Coopération internationale

L’Afrique concentre 80% des cas d’excision

A l’échelle de la planète, l’ONU estime à 200 millions le nombre des filles et des femmes excisées. L’Afrique compte 80% des cas. Le COVID-19 vient gonfler encore certains chiffres. La Suisse s’engage pour la défense des droits humains fondamentaux. La lutte contre les violences sexuelles et basées sur le genre et leur prévention est un pilier de sa politique extérieure et de son action dans ses pays partenaires.

Des fillettes se tiennent devant une maison en tôle, à Humera, en Ethiopie

L’excision est pratiquée dans un minimum de 31 pays dans le monde, dont 27 en Afrique, selon l’ONU. © Keystone

200 millions, cela représente 25 fois la population suisse. Ce chiffre mérite d’être porté à la connaissance du public en cette journée du 6 février, instaurée par les Nations Unies, comme journée de lutte contre les mutilations génitales féminines.

«Cette pratique très douloureuse laisse des séquelles physiques et psychiques à vie», explique l’UNICEF, le Fonds des Nations Unis pour l’enfance, qui souligne en même temps que «44 millions des personnes excisées sont des filles de moins de 15 ans et que l’Afrique est de loin le continent le plus touché par l’excision avec 80% des cas recensés». 

Violation des droits humains

Plusieurs pays et régions prioritaires de la Suisse dans l’est de l’Afrique sont concernés par ce problème. «La Somalie, par exemple a le taux le plus élevé au monde, avec environ 98 % des femmes ayant été excisées. Au Soudan, pays qui vient pourtant d’adopter une loi interdisant l’excision, ce sont toujours 9 femmes sur 10 concernées», explique Martine Pochon, Conseillère Régionale Protection pour la Grande Corne de l'Afrique. L'excision au Soudan, en Somalie, en Ethiopie ou au Kenya est attestée depuis des millénaires et reste courante. Elle constitue pourtant une violation indéniable des droits fondamentaux des femmes.
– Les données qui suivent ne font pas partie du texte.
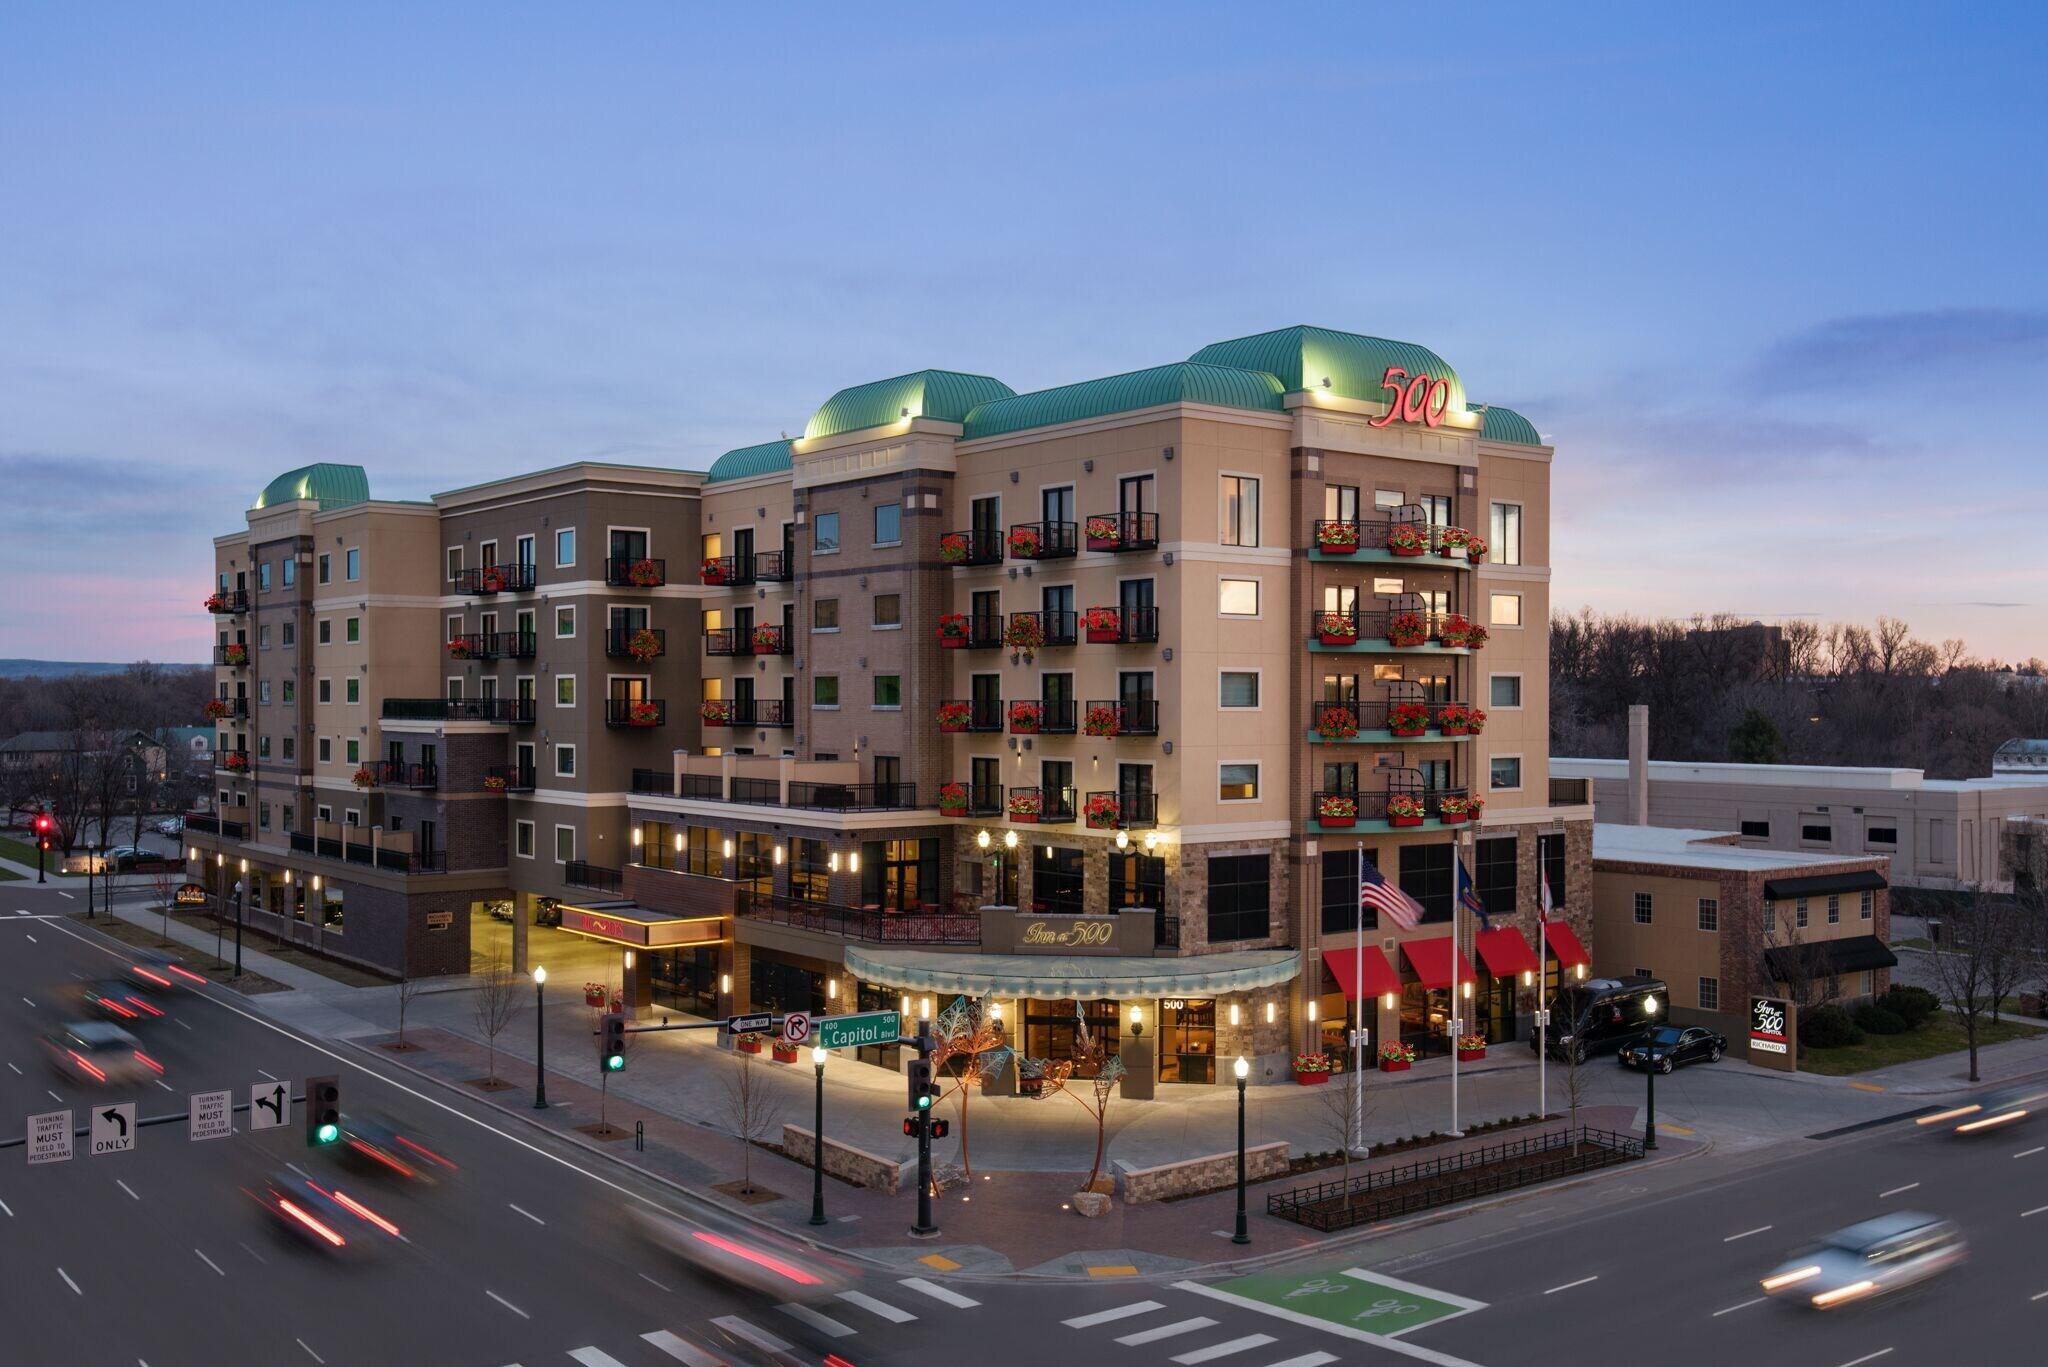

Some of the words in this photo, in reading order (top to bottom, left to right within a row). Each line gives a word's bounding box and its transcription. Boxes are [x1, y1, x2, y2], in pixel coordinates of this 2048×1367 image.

[1368, 367, 1451, 428] 500
[1023, 922, 1056, 944] Inn
[1064, 921, 1113, 947] 500
[1163, 999, 1184, 1010] 500
[1753, 1000, 1775, 1016] Inn
[740, 1020, 752, 1029] ONE
[755, 1018, 768, 1027] WAY
[824, 1021, 838, 1030] 400
[882, 1015, 896, 1024] 500
[1753, 1014, 1784, 1031] 500
[832, 1026, 878, 1047] Capitol
[880, 1029, 895, 1039] Blvd
[1752, 1040, 1786, 1052] RICHARD'S
[198, 1094, 225, 1103] TURNING
[200, 1102, 224, 1110] TRAFFIC
[35, 1114, 64, 1125] TURNING
[199, 1110, 224, 1121] MUST
[37, 1123, 63, 1132] TRAFFIC
[198, 1121, 215, 1130] YIELD
[36, 1132, 63, 1144] MUST
[192, 1127, 230, 1138] PEDESTRIANS
[35, 1144, 54, 1153] YIELD
[57, 1142, 65, 1150] TO
[96, 1138, 130, 1152] ONLY
[29, 1150, 71, 1161] PEDESTRIANS
La récente actualité liée au COVID-19 vient encore exacerber le problème. «Au Soudan, une augmentation du nombre d’excision a été constatée en 2020. L’une des raisons en est les mesures de confinement et les fermetures des écoles», explique encore l’experte depuis les bureaux de la coopération suisse pour la Corne de l’Afrique, dans la capitale éthiopienne d’Addis Abeba. «Les filles restaient à la maison, ce qui permettait de procéder à l’opération et le confinement donnait le temps nécessaire pour la guérison».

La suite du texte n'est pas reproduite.